Intuition for the prime number theorem

Question

(surprisingly, it appears that this question has not been asked before)

Let $\pi(n)$ denote the number of primes $\leq n$. The prime number theorem states that

$$\pi(n) \sim \frac{n}{\log n} \ \text{as} \ n \to +\infty$$

After painstakingly reading through Erdos's elementary proof of this theorem, I think I understand the mechanics of it from a formal perspective. However, I still don't seem to understand intuitively why this theorem is true. I would like some intuitive insight as to why this theorem holds.

I understand that for a result as deep as this one, even the intuition is going to contain some nitty-gritty details.

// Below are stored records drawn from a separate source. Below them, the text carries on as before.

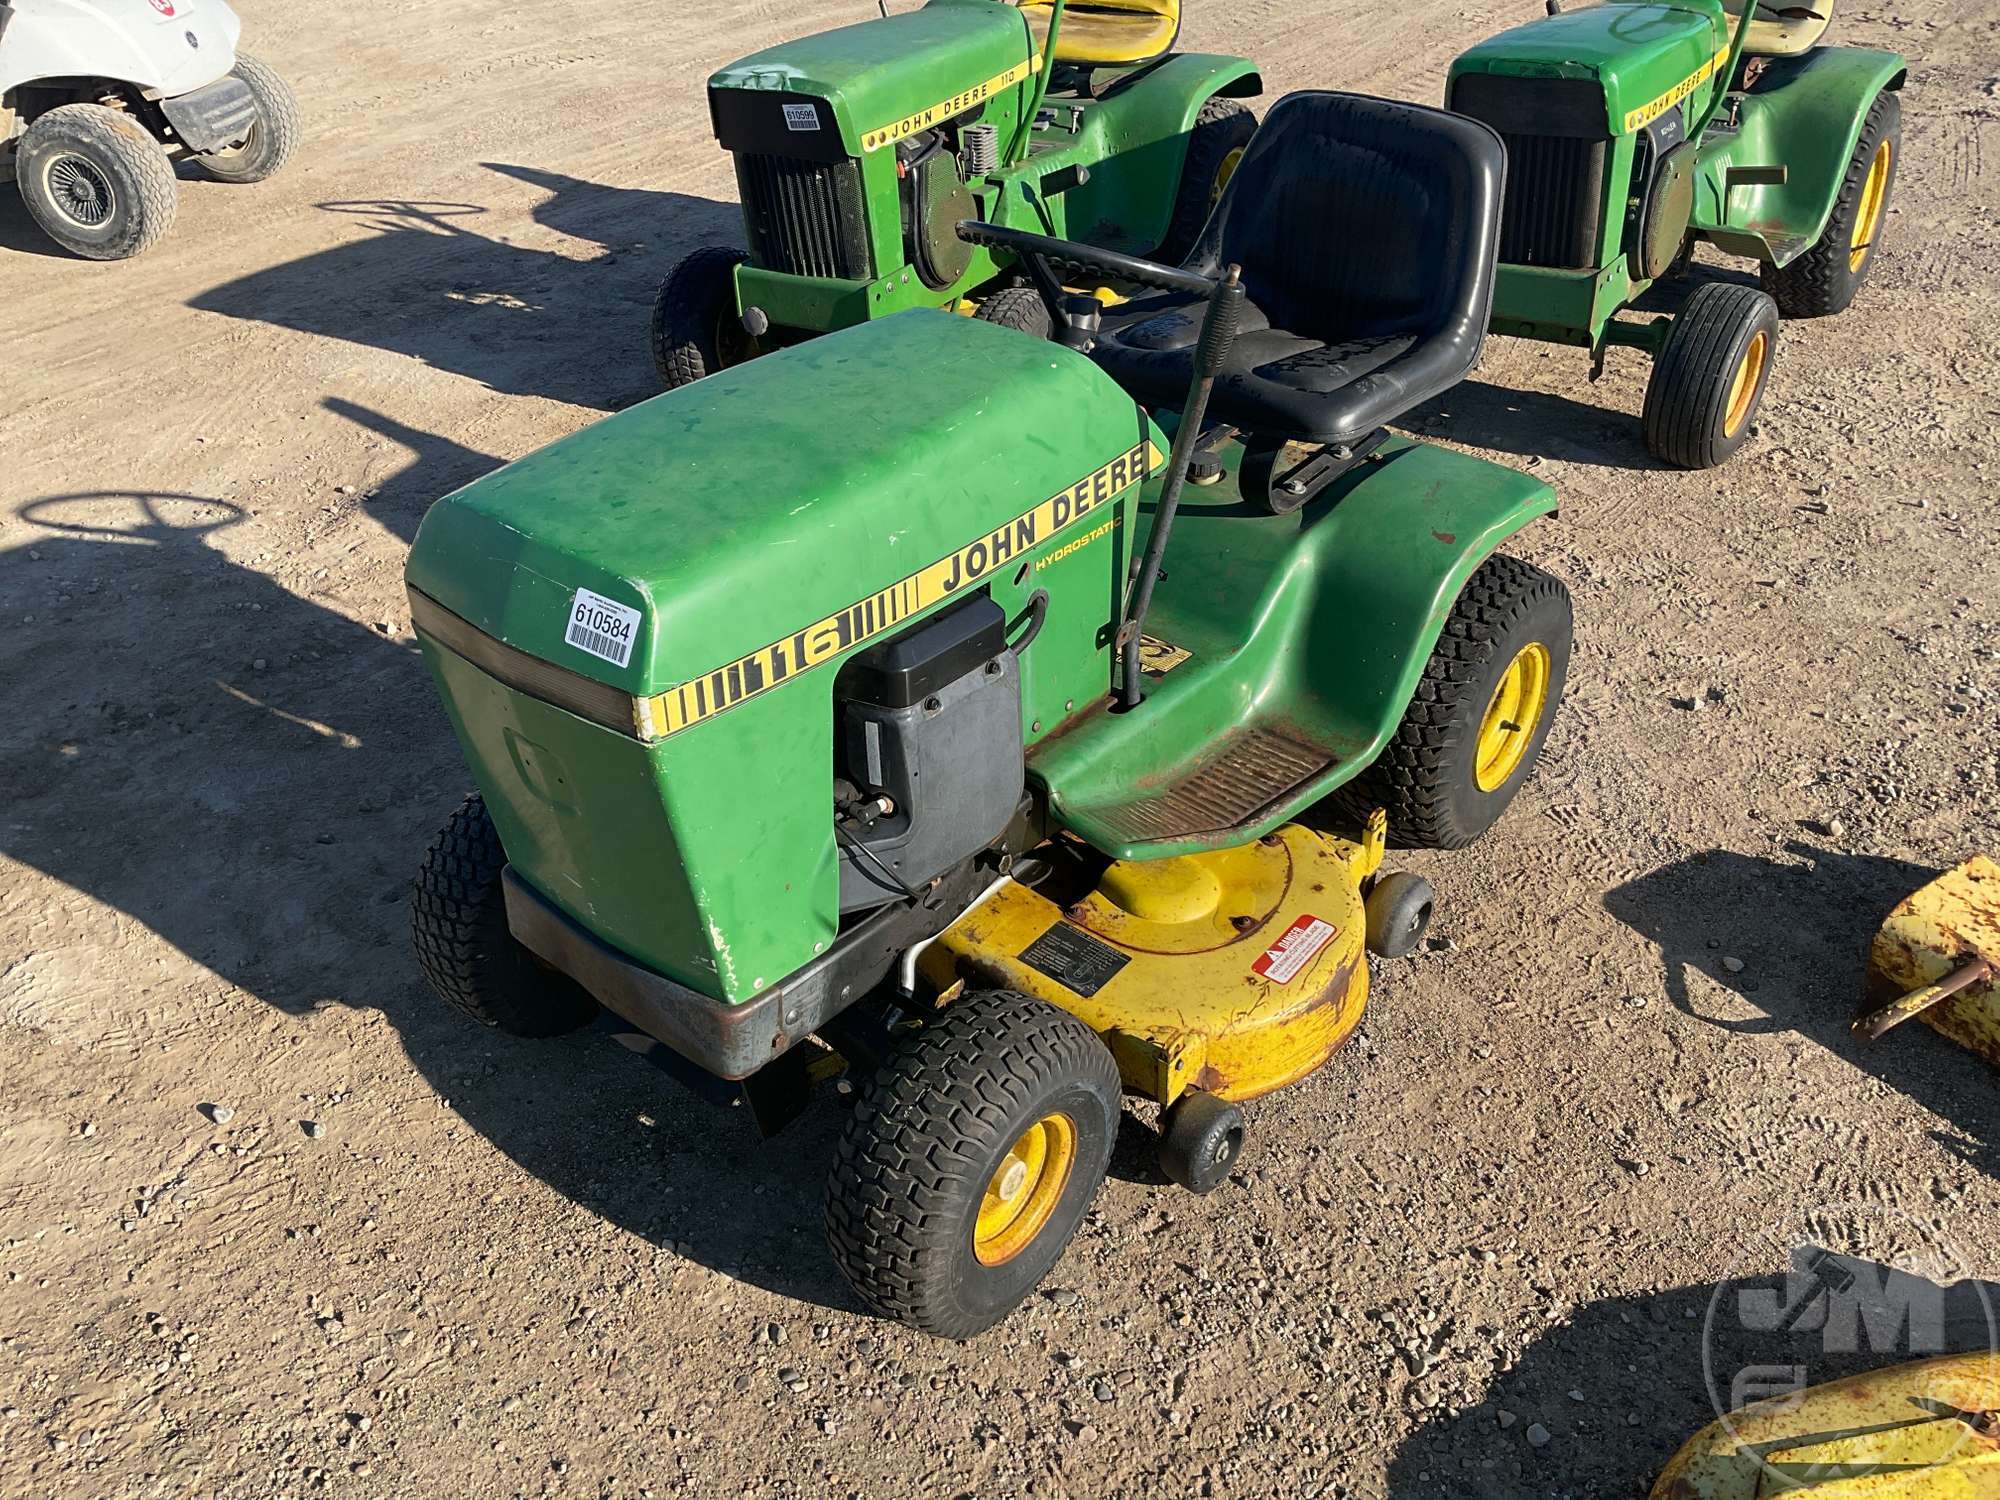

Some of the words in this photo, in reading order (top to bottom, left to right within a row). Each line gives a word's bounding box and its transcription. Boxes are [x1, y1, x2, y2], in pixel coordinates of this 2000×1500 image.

[786, 110, 815, 120] 610599
[892, 110, 932, 138] JOHN
[944, 84, 987, 115] DEERE
[1001, 71, 1015, 85] 110
[1646, 95, 1670, 120] JOHN
[1675, 71, 1701, 99] DEERE
[750, 618, 841, 681] 116
[943, 512, 1036, 592] JOHN
[1053, 447, 1145, 530] DEERE
[1034, 516, 1123, 572] HYDROSTATIC
[575, 603, 631, 643] 610584
[1278, 926, 1305, 949] DANGER

It's probably not the sort of thing that you could explain to a child, for example. Nevertheless, I will ask this question regardless. There has to be some convincing argument for this theorem beyond the technical details of the proofs.

Answer 1

Not a full explanation, but it is too long for a comment.

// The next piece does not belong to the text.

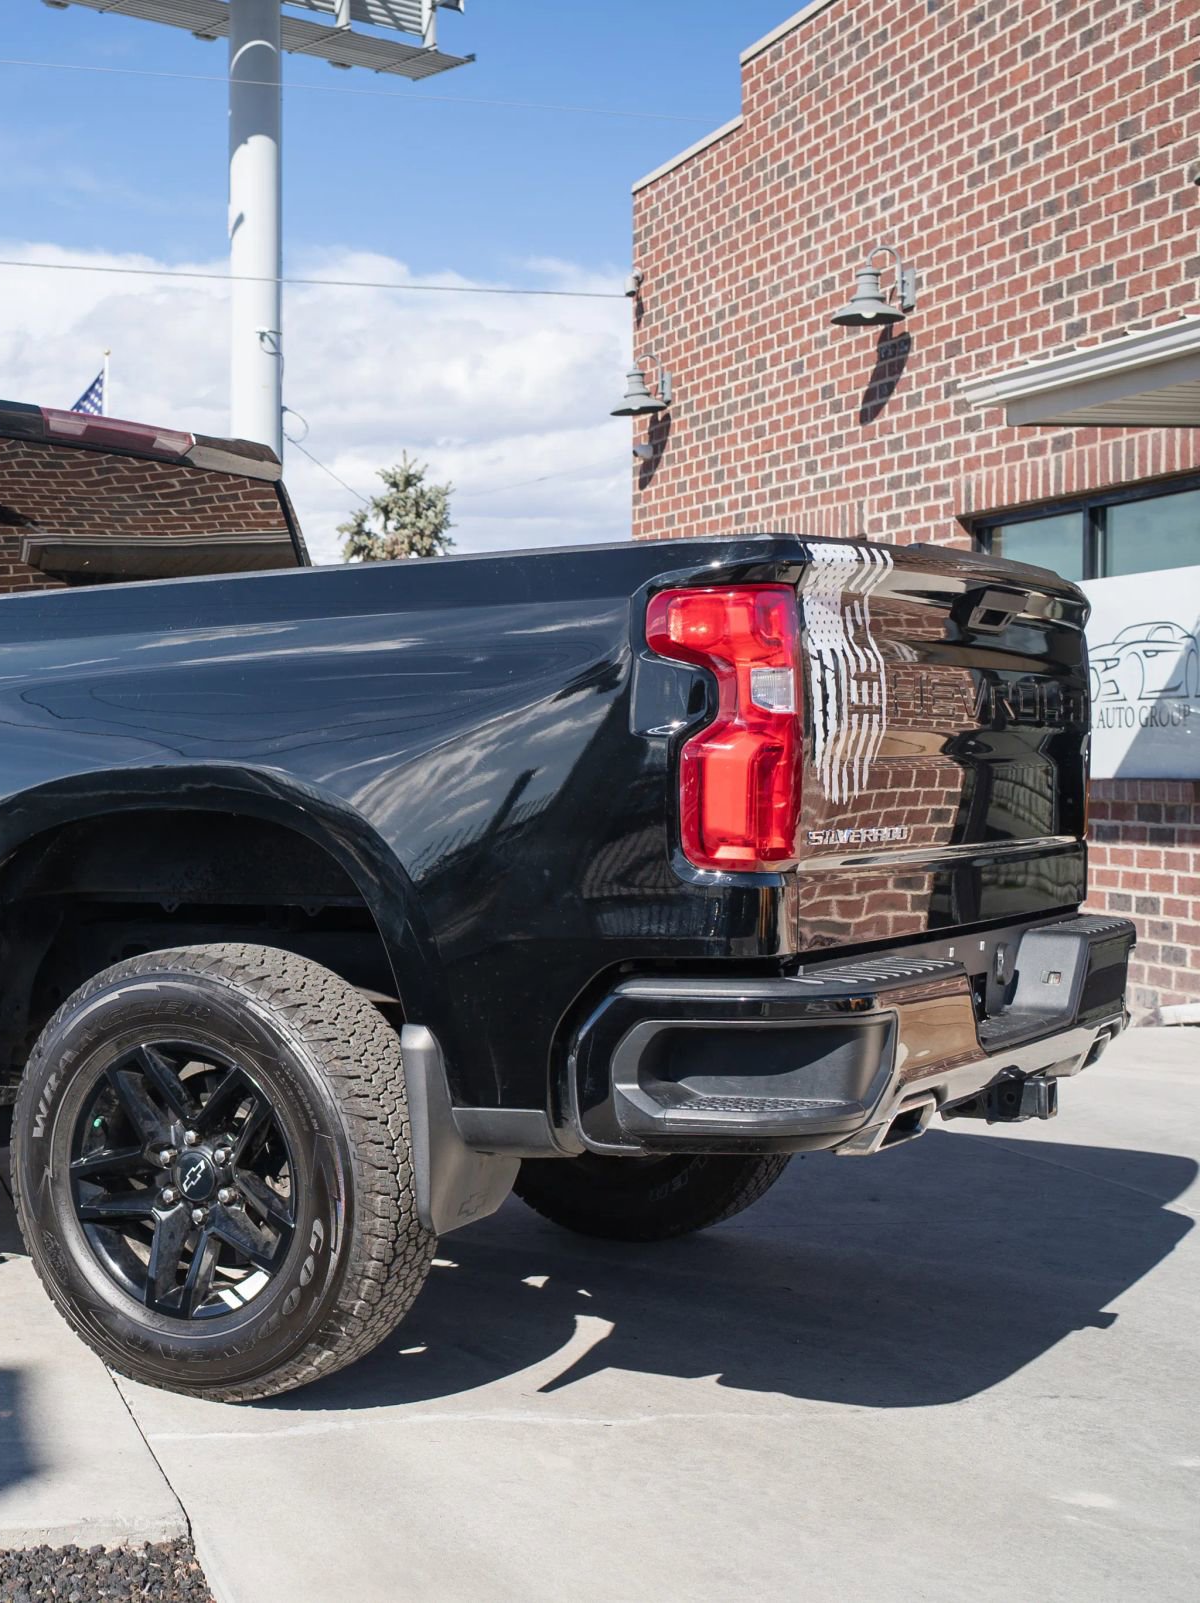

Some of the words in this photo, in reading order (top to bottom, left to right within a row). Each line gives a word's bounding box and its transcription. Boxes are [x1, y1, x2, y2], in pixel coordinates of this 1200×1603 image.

Consider the Sieve of Eratosthenes.

Start with the first $n$ numbers. Remove (one less than) $\frac 12$ of them as multiples of $2$, Of the remainder, remove $\frac 13$ of them as multiples of $3$. Of the remainder, remove $\frac 15$ as multiples of $5$, etc. You should be left with about $$n\prod_{p\le n, \text{ prime}}1 - \frac 1p$$

values as primes below $n$. Now, when multiplied out

$$\prod_{p\le n, \text{ prime}}1 - \frac 1p = 1 - \sum_{k \in S_n} \frac 1k$$ Where $S_n$ is the set of all square-free integers $> 1$ whose prime factors are $\le n$.

It remains to estimate that $1 - \sum_{k \in S_n} \frac 1k\approx \frac 1{\log n}$.

Edit:

Since it was already chosen as the solution and Winther has kindly provided Merten's 3rd theorem which says just what was needed, I could just let this go. But Merten's theorem strikes me as hardly more intuitively obvious than the prime number theorem itself, so I've been thinking on heuristic concepts to explain it.

Now for $|x| < 1$, $\frac1{1-x} = 1 + x + x^2 + ...$ Therefore $$\frac 1{\prod\limits_{p\le n}1 - \frac 1p} = \prod\limits_{p\le n}\left(1 + \frac 1p + \frac 1{p^2} + ...\right)$$

Multiplying the right side out, we get $\sum_{k \in R_n} \frac 1k$, where $R_n$ is the set of all integers whose prime factors are all $\le n$. Of these, it should be expected (I'm being heuristic here, so I can get away with that weasel-wording) that the sum for $k > n$ will be significantly smaller than for $k \le n$. Thus it seems reasonable that $$\sum_{k \in R_n} \frac 1k \sim \sum_{k \in R_n, k\le n} \frac 1k = \sum_{k=1}^n \frac 1k \sim \log n$$

Answer 2

It's often difficult to provide strong intuitions for these kinds of things, except maybe discussing numerical evidences. It might be worthwhile to discuss how Gauss originally conjectured it. I am posting this as an answer mainly because it's too long for a comment. What follows is taken from lectures by Prof. Andrew Granville for the course Distribution of Prime Numbers.

Here's an excerpt from a letter to Encke from Gauss

In 1792 or 1793 ... I turned my attention to the decreasing frequency of primes ... counting the primes in intervals of length $1000$. I soon recognized that behind all of the fluctuations, this frequency is on average inversely proportional to the [natural] logarithm...

This observation may be best phrased as

About $1$ in $\log x$ of the integers near $x$ are prime.

This suggests that a good approximation to the number of primes up to $x$ is $$\sum_{n=2}^x \frac{1}{\log n} \sim \int_2^x \frac{\text{d}t}{\log t}$$ which is denoted by $\text{Li}(x)$ and is asymptotic to $\frac x{\log x}$.

Now, we look at a comparison of Gauss’ prediction with the actual count of primes up to various values of $x\le 10^{29}$. One can't help but notice the impressive accuracy of the prediction.

By zooming out from the table (or otherwise), one might notice that the third column is approximately half the width of the second columnn, hence suggesting that perhaps $$\left\vert \pi(x)-\text{Li}(x)\right\vert \ll \sqrt{x}$$ for all $x\ge 2$. While this might be over-optimistic (compare with Riemann Hypothesis), the data certainly strongly suggests that $$\frac{\pi(x)}{\text{Li}(x)}\to 1$$ as $x\to \infty$.

Finally, to emphasize on the importance of rigour, one might also notice that the third column is always positive. All the data on primes ever calculated suggests that $\text{Li}(x)$ is a little larger than $\pi(x)$ for each $x\ge 8$. But this is not true and it is known that the first counterexample is seen at around $\sim 10^{316}$.